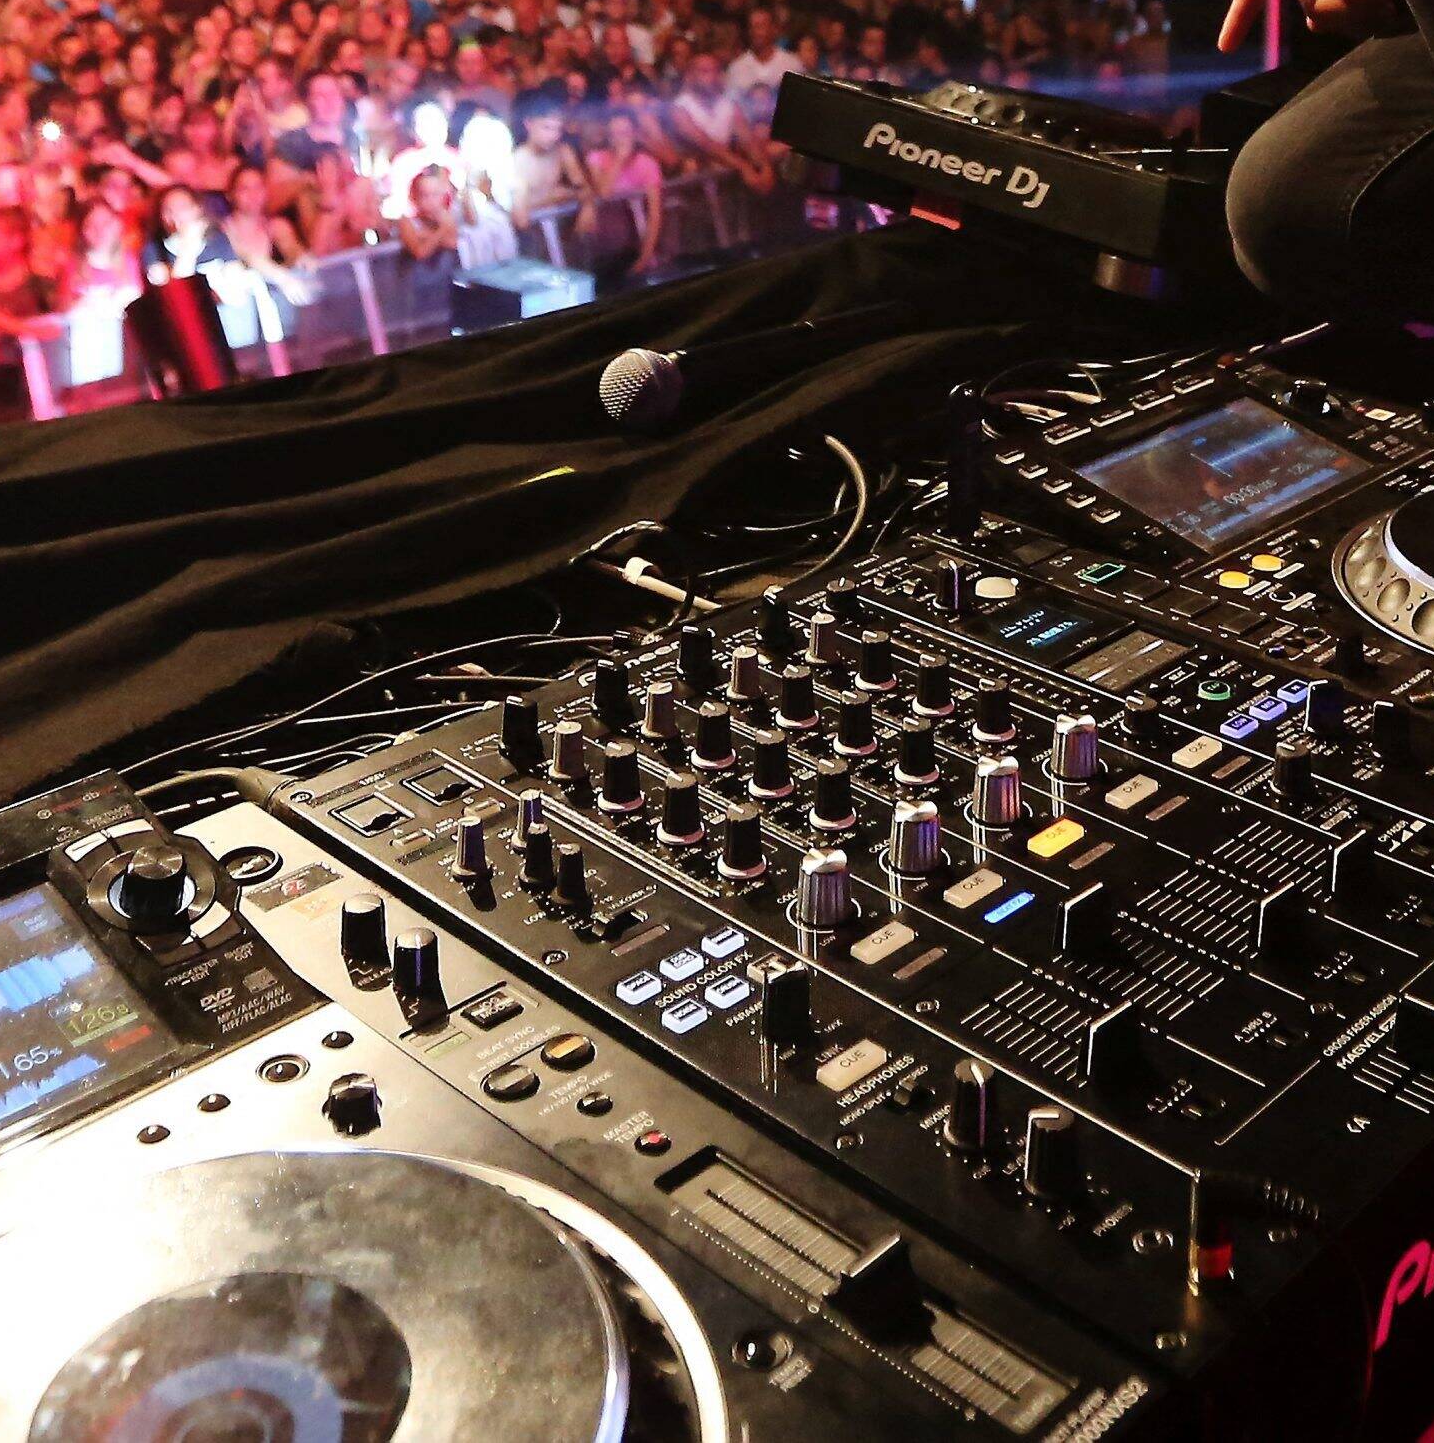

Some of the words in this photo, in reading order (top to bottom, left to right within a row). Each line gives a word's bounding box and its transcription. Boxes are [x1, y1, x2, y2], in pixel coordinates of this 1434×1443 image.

[863, 122, 1002, 186] Pioneer
[1005, 165, 1050, 208] DJ
[962, 875, 985, 891] CUE
[871, 929, 895, 945] CUE
[654, 983, 698, 1009] SOUND
[696, 964, 736, 986] COLOR
[734, 950, 754, 966] FX
[1323, 1031, 1351, 1058] CROSS
[1347, 1015, 1373, 1041] FADER
[1336, 1030, 1383, 1070] MAGVEL
[815, 1043, 845, 1063] LINK
[839, 1049, 866, 1069] CUE
[547, 1074, 589, 1100] TEMPO
[836, 1055, 916, 1108] HEADPHONES
[603, 1110, 653, 1142] MASTER
[839, 1105, 866, 1127] MONO
[613, 1118, 655, 1145] TEMPO
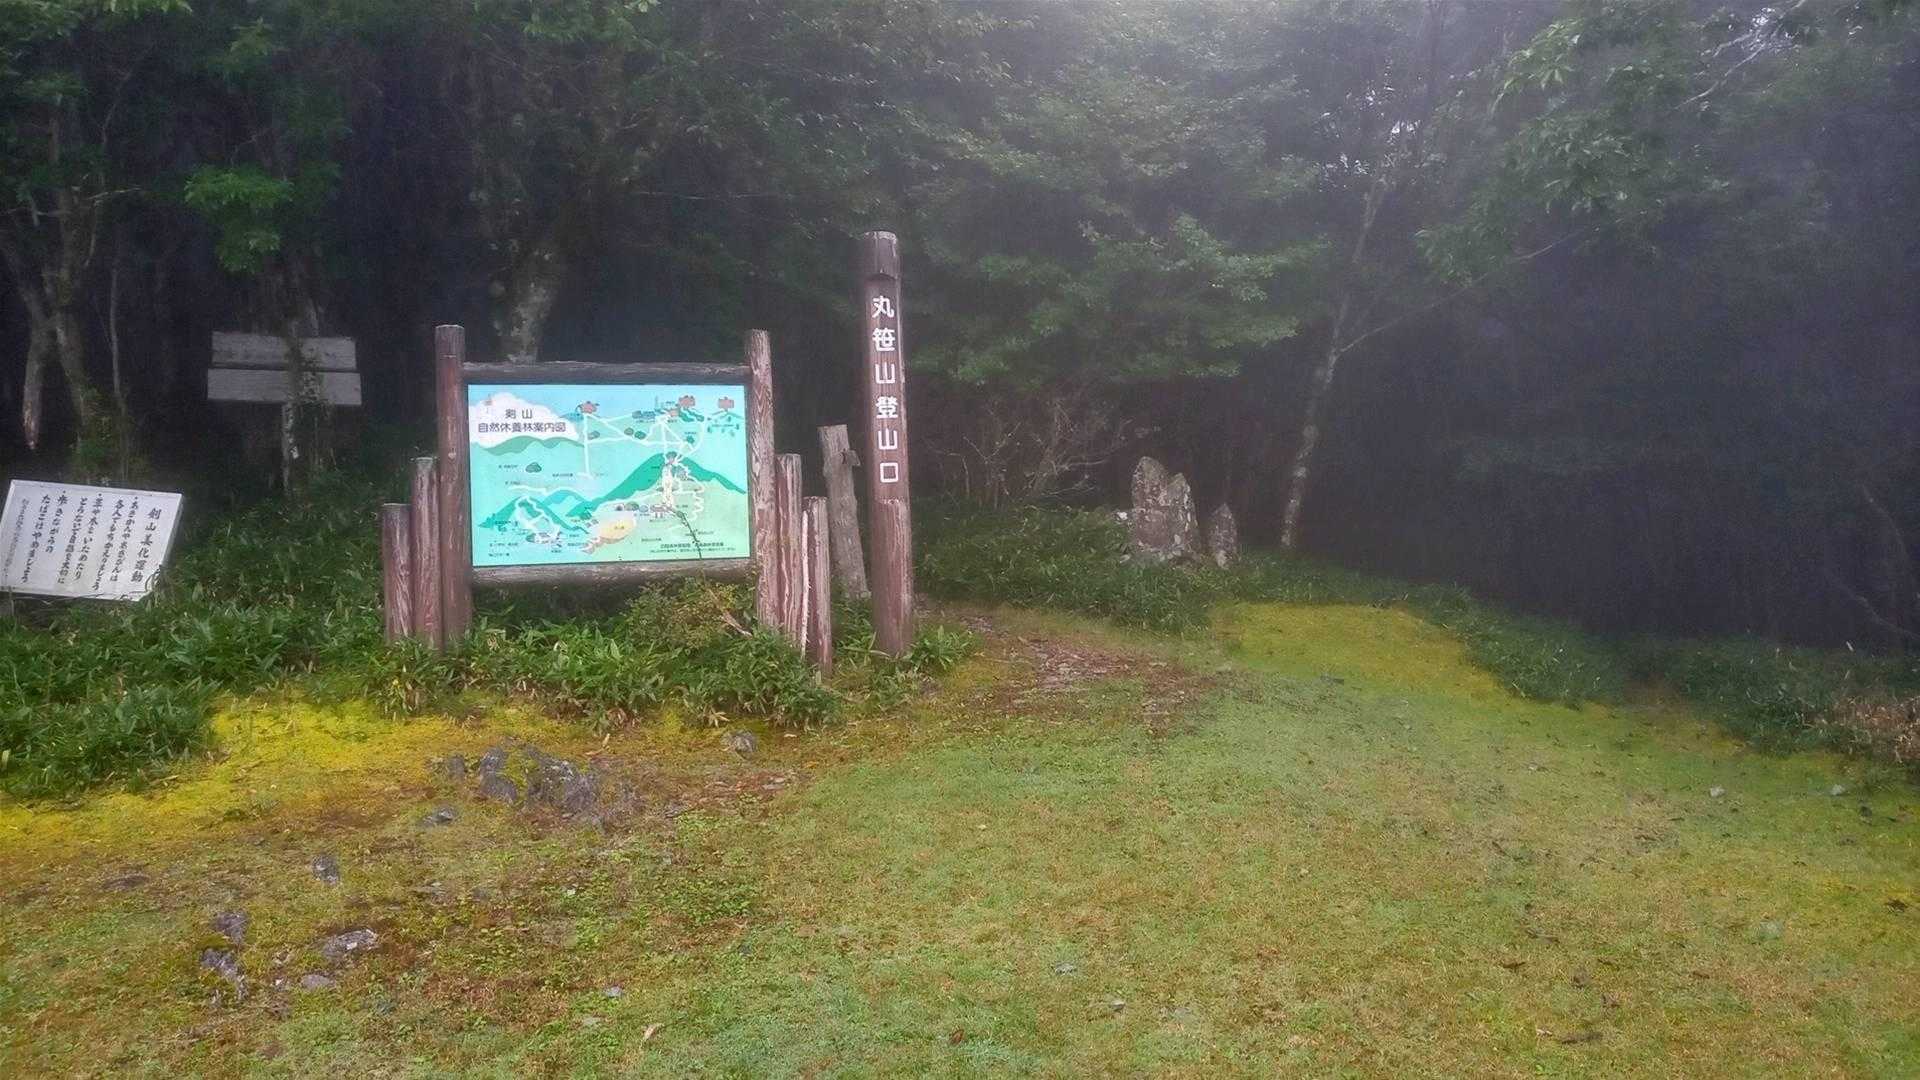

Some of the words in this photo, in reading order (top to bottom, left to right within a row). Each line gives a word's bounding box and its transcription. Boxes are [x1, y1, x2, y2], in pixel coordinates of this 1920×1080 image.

•••••

--- EXERCISE INSTRUCTIONS ---
Set down every entry word for word, but omit the pictures.

--- TASK OUTPUT ---
Some of the words in this photo, in reading order (top to bottom, left to right within a row). Each line gives a word's bounding box and its transcription. Boxes are [x1, y1, x2, y2], in pixel coordinates of this 1434×1443 image.

[863, 122, 1002, 186] Pioneer
[1005, 165, 1050, 208] DJ
[962, 875, 985, 891] CUE
[871, 929, 895, 945] CUE
[654, 983, 698, 1009] SOUND
[696, 964, 736, 986] COLOR
[734, 950, 754, 966] FX
[1323, 1031, 1351, 1058] CROSS
[1347, 1015, 1373, 1041] FADER
[1336, 1030, 1383, 1070] MAGVEL
[815, 1043, 845, 1063] LINK
[839, 1049, 866, 1069] CUE
[547, 1074, 589, 1100] TEMPO
[836, 1055, 916, 1108] HEADPHONES
[603, 1110, 653, 1142] MASTER
[839, 1105, 866, 1127] MONO
[613, 1118, 655, 1145] TEMPO

Some of the words in this photo, in reading order (top to bottom, left to right within a row). Each line gives a word's bounding box and its transcription. Boxes are [x1, y1, x2, y2], in pixel coordinates of this 1920×1080 image.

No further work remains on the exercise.